In 2017, a former inmate sued for what he said was inhumane treatment there during the 1990s; he was recently awarded half a million dollars.
And in June, Chief Justice Leigh Saufley cited lack of facilities and treatment for juveniles as a major problem facing the state.
Even though Maine is incarcerating fewer children than ever – around 50, half of whom have long-term sentences and half of whom are awaiting trial – critics charge the state’s juvenile justice system is broken.
Male and female children, who can be as young as 11, are housed at Long Creek, the state’s only exclusively juvenile prison, but there are also beds for boys and girls at Mountain View Correctional Facility, where adult male prisoners live. Treatment is inadequate and many of the inmates are mentally ill, critics charge. Some also point to the glaring inefficiency of spending $16.2 million per year to keep open Long Creek for so few children receiving so few services.

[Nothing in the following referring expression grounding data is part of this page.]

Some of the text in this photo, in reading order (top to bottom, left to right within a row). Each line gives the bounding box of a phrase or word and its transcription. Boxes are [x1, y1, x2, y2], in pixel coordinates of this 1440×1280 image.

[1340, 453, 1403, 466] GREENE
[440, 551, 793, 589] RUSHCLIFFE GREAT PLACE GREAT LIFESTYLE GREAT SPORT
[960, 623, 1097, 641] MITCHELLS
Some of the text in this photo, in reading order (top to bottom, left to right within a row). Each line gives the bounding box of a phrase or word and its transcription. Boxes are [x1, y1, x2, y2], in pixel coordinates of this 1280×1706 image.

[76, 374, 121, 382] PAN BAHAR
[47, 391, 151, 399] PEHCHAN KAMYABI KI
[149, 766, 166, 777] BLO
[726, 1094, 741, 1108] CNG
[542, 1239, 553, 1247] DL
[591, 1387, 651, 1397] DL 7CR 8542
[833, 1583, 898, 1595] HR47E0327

Overhauling the system is a goal shared by the Legislature, the governor and child advocates, who have banded together to decide the best direction to take next. With that in mind, the state recently contracted for $227,000 with the Center for Children’s Law and Policy (CCLP) to study the current system, the state’s needs and the children’s needs, and recommend changes. The study is being federally funded.
The Washington, D.C.-based nonprofit will spend about seven months researching Maine’s juvenile justice system. Experts in juvenile justice policy, psychology and mental health, along with experts who can interpret data and statistics, will perform their research in Maine in conjunction with a juvenile task force assembled by Gov. Janet Hall, and the target for their report is February.

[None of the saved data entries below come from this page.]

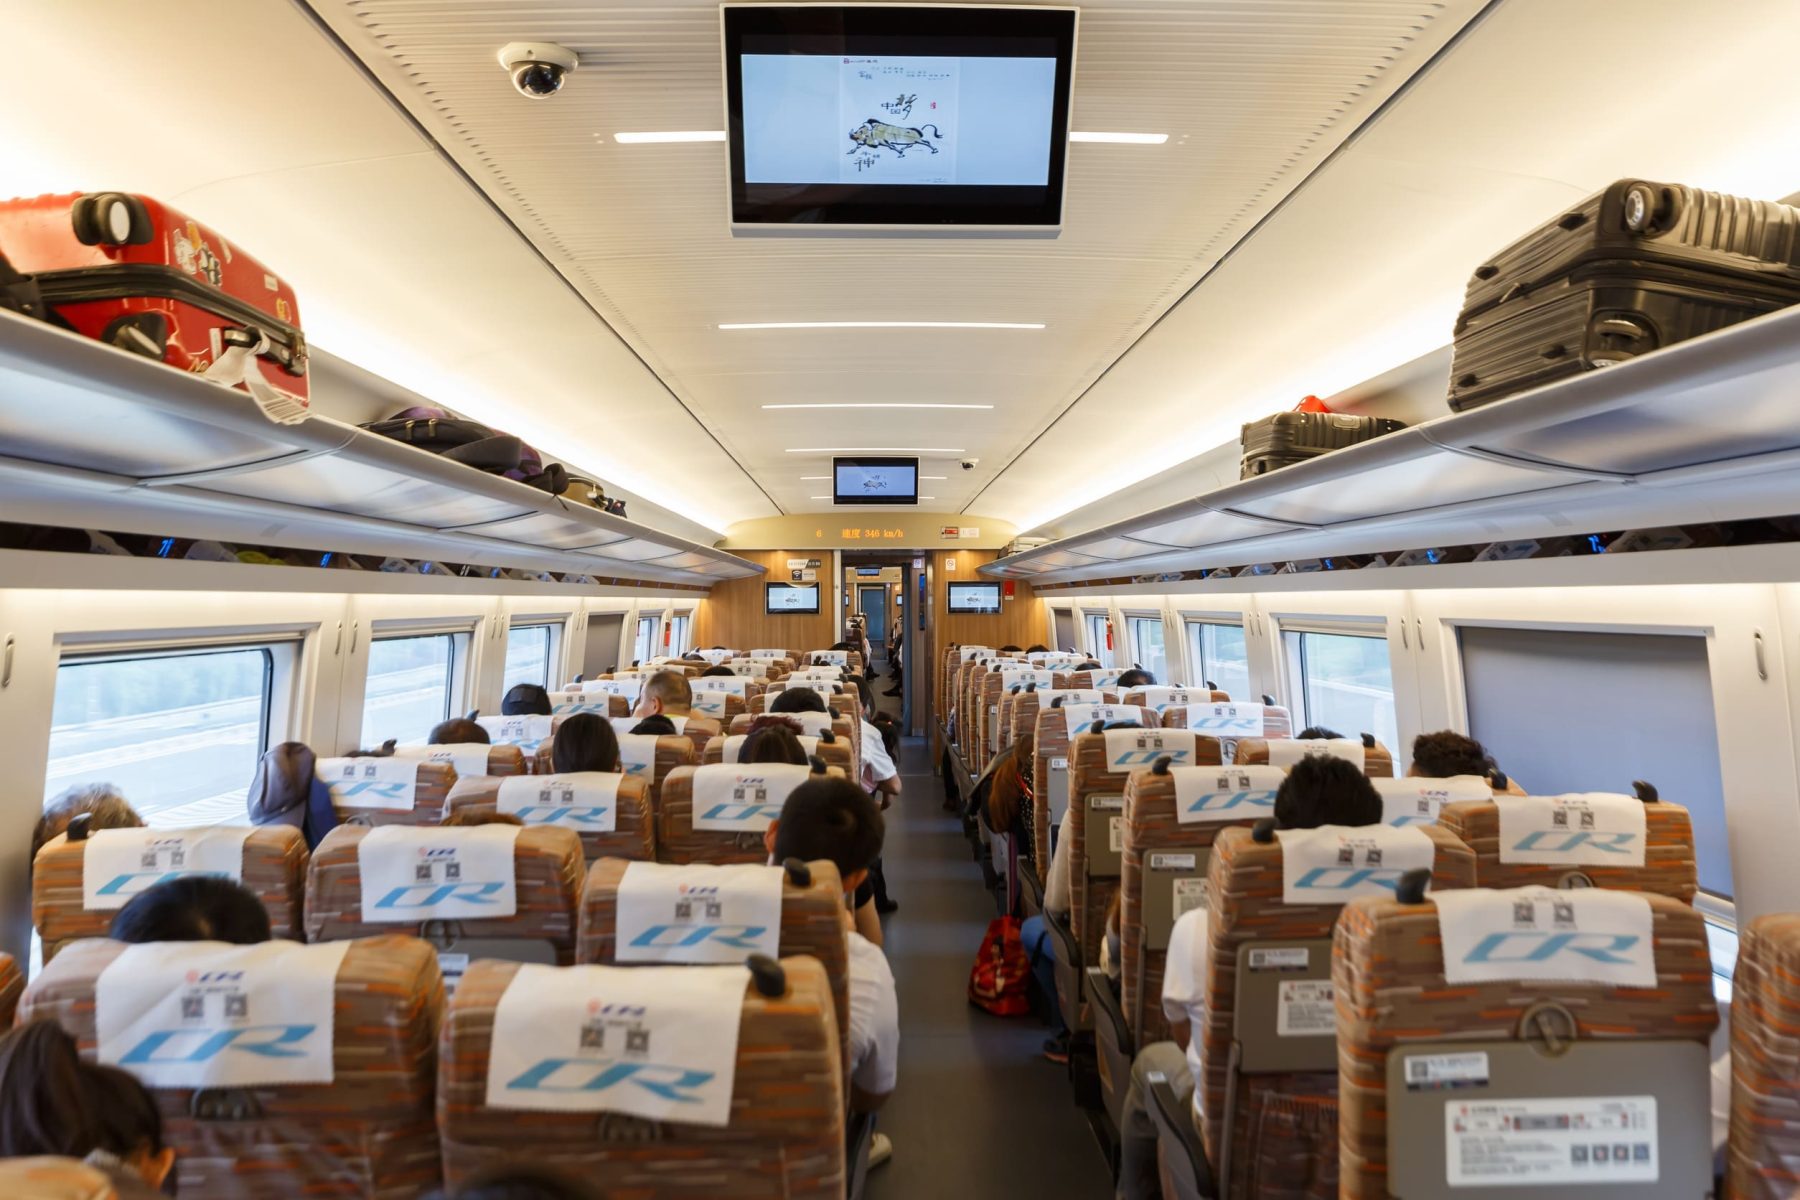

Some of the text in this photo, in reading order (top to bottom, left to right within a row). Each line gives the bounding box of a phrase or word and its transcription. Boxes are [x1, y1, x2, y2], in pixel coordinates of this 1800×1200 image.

[1193, 718, 1257, 729] CR
[1114, 750, 1190, 765] CR
[510, 806, 608, 824] CR
[1512, 830, 1637, 854] CR
[374, 882, 505, 908] CR
[628, 925, 767, 948] CR
[1461, 931, 1640, 965] CR
[118, 1024, 317, 1064] CR
[506, 1058, 715, 1104] CR

CCLP defines itself on its website as “a public interest law and policy organization focused on reform of juvenile justice and other systems that affect troubled and at-risk children, and protection of the rights of children in those systems.” It is staffed, it says, by “lawyers and former juvenile justice professionals with extensive expertise in creating a more equitable and effective juvenile justice system.”
Nationally, the trend in juvenile justice is to provide the least restrictive environment as close to a child’s home as possible. But with a lack of options and community care, children wind up behind bars, and behind barbed wire, in South Portland, mostly isolated from their families.
“We all understand that if the only option for placement in Maine is Long Creek, which is designed for very specific circumstances, we are not doing justice for our children,” Staufley said in her State of the Judiciary Address in February.
“The need for a continuum of caring and effective placement options for these youth has never been greater.”